● LISTED RECORDS
=== Begin Enclosure ===

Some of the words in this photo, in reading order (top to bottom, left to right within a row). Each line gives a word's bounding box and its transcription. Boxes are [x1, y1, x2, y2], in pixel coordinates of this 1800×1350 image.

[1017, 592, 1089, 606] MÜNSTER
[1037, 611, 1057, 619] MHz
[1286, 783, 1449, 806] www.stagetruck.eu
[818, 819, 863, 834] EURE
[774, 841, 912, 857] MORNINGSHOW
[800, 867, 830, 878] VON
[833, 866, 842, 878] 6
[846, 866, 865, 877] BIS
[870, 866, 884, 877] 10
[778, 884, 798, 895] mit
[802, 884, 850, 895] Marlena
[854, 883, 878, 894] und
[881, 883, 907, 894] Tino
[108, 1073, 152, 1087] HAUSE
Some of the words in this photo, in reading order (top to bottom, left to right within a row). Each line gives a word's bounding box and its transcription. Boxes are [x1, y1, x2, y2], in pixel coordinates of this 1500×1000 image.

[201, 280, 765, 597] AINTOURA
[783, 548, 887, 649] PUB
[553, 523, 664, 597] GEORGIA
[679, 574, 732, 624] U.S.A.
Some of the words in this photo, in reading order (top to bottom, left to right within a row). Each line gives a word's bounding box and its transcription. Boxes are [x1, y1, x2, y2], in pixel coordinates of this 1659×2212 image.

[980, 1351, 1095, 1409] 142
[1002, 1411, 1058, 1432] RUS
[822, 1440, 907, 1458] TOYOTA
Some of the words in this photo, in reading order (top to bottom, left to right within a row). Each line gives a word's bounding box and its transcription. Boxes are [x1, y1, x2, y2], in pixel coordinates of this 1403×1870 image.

=== End Enclosure ===

● WHAT IS NEEDED
Extract all of the data above and output it character for character.

● WRITTEN SOLUTION
Some of the words in this photo, in reading order (top to bottom, left to right within a row). Each line gives a word's bounding box and its transcription. Boxes are [x1, y1, x2, y2], in pixel coordinates of this 1800×1350 image.

[1017, 592, 1089, 606] MÜNSTER
[1037, 611, 1057, 619] MHz
[1286, 783, 1449, 806] www.stagetruck.eu
[818, 819, 863, 834] EURE
[774, 841, 912, 857] MORNINGSHOW
[800, 867, 830, 878] VON
[833, 866, 842, 878] 6
[846, 866, 865, 877] BIS
[870, 866, 884, 877] 10
[778, 884, 798, 895] mit
[802, 884, 850, 895] Marlena
[854, 883, 878, 894] und
[881, 883, 907, 894] Tino
[108, 1073, 152, 1087] HAUSE
Some of the words in this photo, in reading order (top to bottom, left to right within a row). Each line gives a word's bounding box and its transcription. Boxes are [x1, y1, x2, y2], in pixel coordinates of this 1500×1000 image.

[201, 280, 765, 597] AINTOURA
[783, 548, 887, 649] PUB
[553, 523, 664, 597] GEORGIA
[679, 574, 732, 624] U.S.A.
Some of the words in this photo, in reading order (top to bottom, left to right within a row). Each line gives a word's bounding box and its transcription. Boxes are [x1, y1, x2, y2], in pixel coordinates of this 1659×2212 image.

[980, 1351, 1095, 1409] 142
[1002, 1411, 1058, 1432] RUS
[822, 1440, 907, 1458] TOYOTA
Some of the words in this photo, in reading order (top to bottom, left to right within a row). Each line gives a word's bounding box and its transcription. Boxes are [x1, y1, x2, y2], in pixel coordinates of this 1403×1870 image.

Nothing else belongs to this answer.